Some readers may recognize the basis for this scene in the allegory of the long spoons, a parable that can be found in a number of different cultures and religious traditions. Kirin Narayan discusses her discovery of this story in multiple religious/cultural traditions, and analyses a Hindu version of the story in detail, in her book Storytellers, Saints, and Scoundrels: Folk Narrative in Hindu Religious Teaching (1989, University of Pennsylvania Press). In this allegory, retold here by Bishop Desmond Tutu, it is Heaven and Hell that are being distinguished, i.e., Heaven is where people feed each other, Hell is where people are surrounded by sumptuous meals but unable to eat because they have failed to realize their interdependence. This allegory clearly encapsulates the moral significance of reciprocity and interdependence, and suggests that the radical individualism associated with untrammeled capitalism is, in fact, a hell on earth.
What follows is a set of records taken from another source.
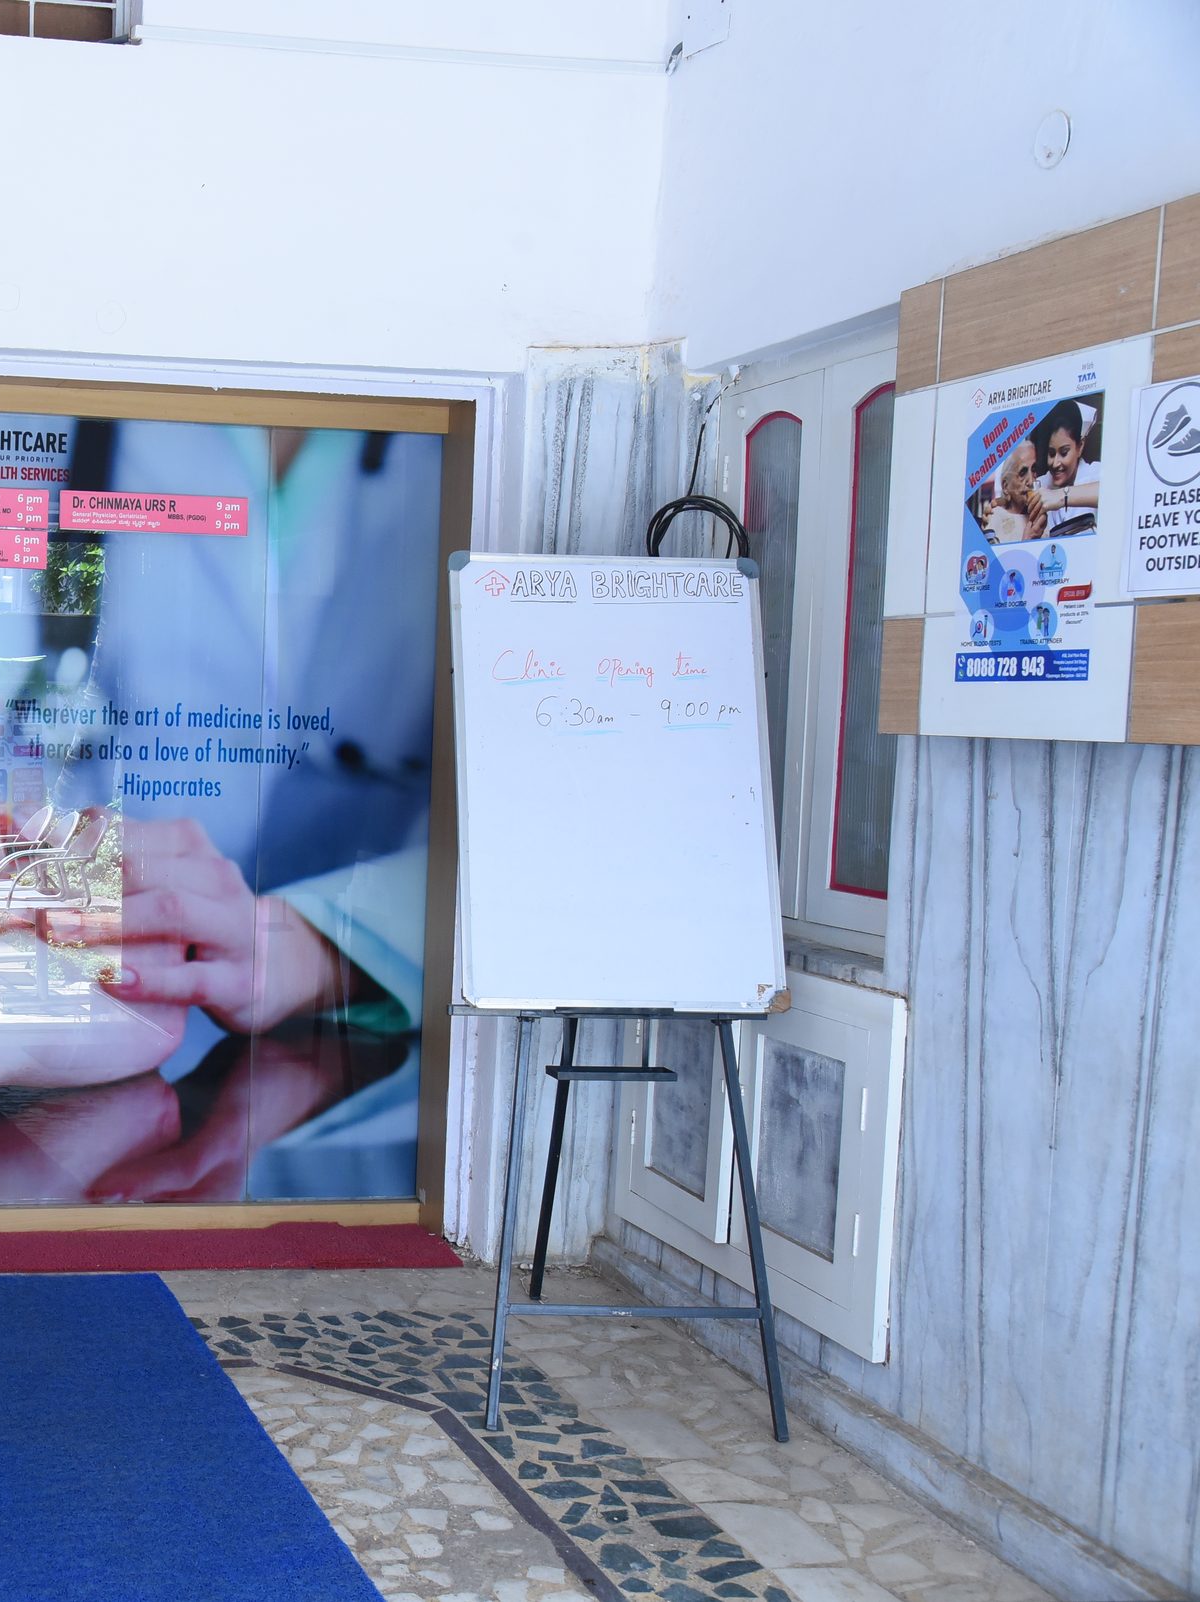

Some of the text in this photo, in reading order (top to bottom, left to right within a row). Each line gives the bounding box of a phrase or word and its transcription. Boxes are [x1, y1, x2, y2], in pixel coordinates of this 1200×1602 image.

[1077, 372, 1096, 382] TATA
[988, 389, 1005, 405] ARYA
[1007, 380, 1052, 402] BRIGHTCARE
[983, 416, 1008, 450] Home
[968, 454, 997, 488] Health
[996, 411, 1035, 458] Services
[20, 467, 70, 483] SERVICES
[17, 494, 24, 503] 6
[26, 495, 42, 506] pm
[72, 496, 240, 512] Dr. CHINMAYA URS R 9 am
[1154, 488, 1200, 507] PLEASE
[17, 513, 42, 525] 9 pm
[186, 514, 207, 522] (PGDG)
[215, 521, 240, 531] 9 pm
[1138, 509, 1200, 529] LEAVE YO
[15, 535, 21, 544] 6
[23, 536, 39, 547] pm
[1140, 532, 1200, 550] FOOTWE
[14, 554, 39, 566] 8 pm
[1146, 555, 1200, 571] OUTSID
[510, 570, 744, 599] ARYA BRIGHTCARE
[1032, 578, 1069, 586] PHYSIOTHERAPY
[492, 649, 566, 681] Clinic
[672, 651, 707, 677] time
[967, 656, 1044, 677] 8088 728 943
[102, 700, 129, 727] the
[135, 706, 159, 727] art
[165, 702, 183, 728] of
[187, 704, 262, 730] medicine
[268, 708, 280, 731] is
[287, 706, 335, 736] loved,
[661, 699, 709, 724] 9:00
[717, 705, 742, 721] pm
[28, 733, 72, 759] there
[79, 738, 92, 759] is
[99, 736, 132, 761] also
[139, 744, 148, 761] a
[155, 737, 189, 762] love
[194, 738, 212, 764] of
[117, 772, 221, 801] -Hippocrates
Similar techniques are also used in some anarchist groups (David Graeber, personal communication, December 12, 2013). However I think the scene is strikingly effective in the context of a U.S. culture where eating has become a key practice of individual choice and identity. My hypothesis is that the “solution” to this conundrum simply doesn’t occur to most Americans, steeped in a culture in which the recognition that eating involves the labor of other people has been deeply attenuated. Thus all 10 students who watched the movie in my class expressed surprise at this scene. By contrast when I described this scene to a table of Greek anthropologists they immediately guessed the direction of the scene. This perhaps shouldn’t have surprised me as I have been working on a project looking at the food-based responses to neoliberal policies in Greece, all of which center around the symbolic value of food in expressing ideas about social solidarity (see the previous FoodAnthropology posts on food used in Greek politics here, here and here).
Western Middle-Class common sense has often been skewered through challenging table manners, most famously in Bunuel’s film The Phantom of Liberty in which using the toilet is done publicly and is a site of sociability, while eating is seen as a disgusting act only to be done in private. While Bunuel’s point is the cultural arbitrariness of table manners and the scene from The East suggests a potentially universal message of interconnectedness, both scenes are reminders of how central food is to our human sociability, and perhaps together could form a good starting point for courses on food and culture.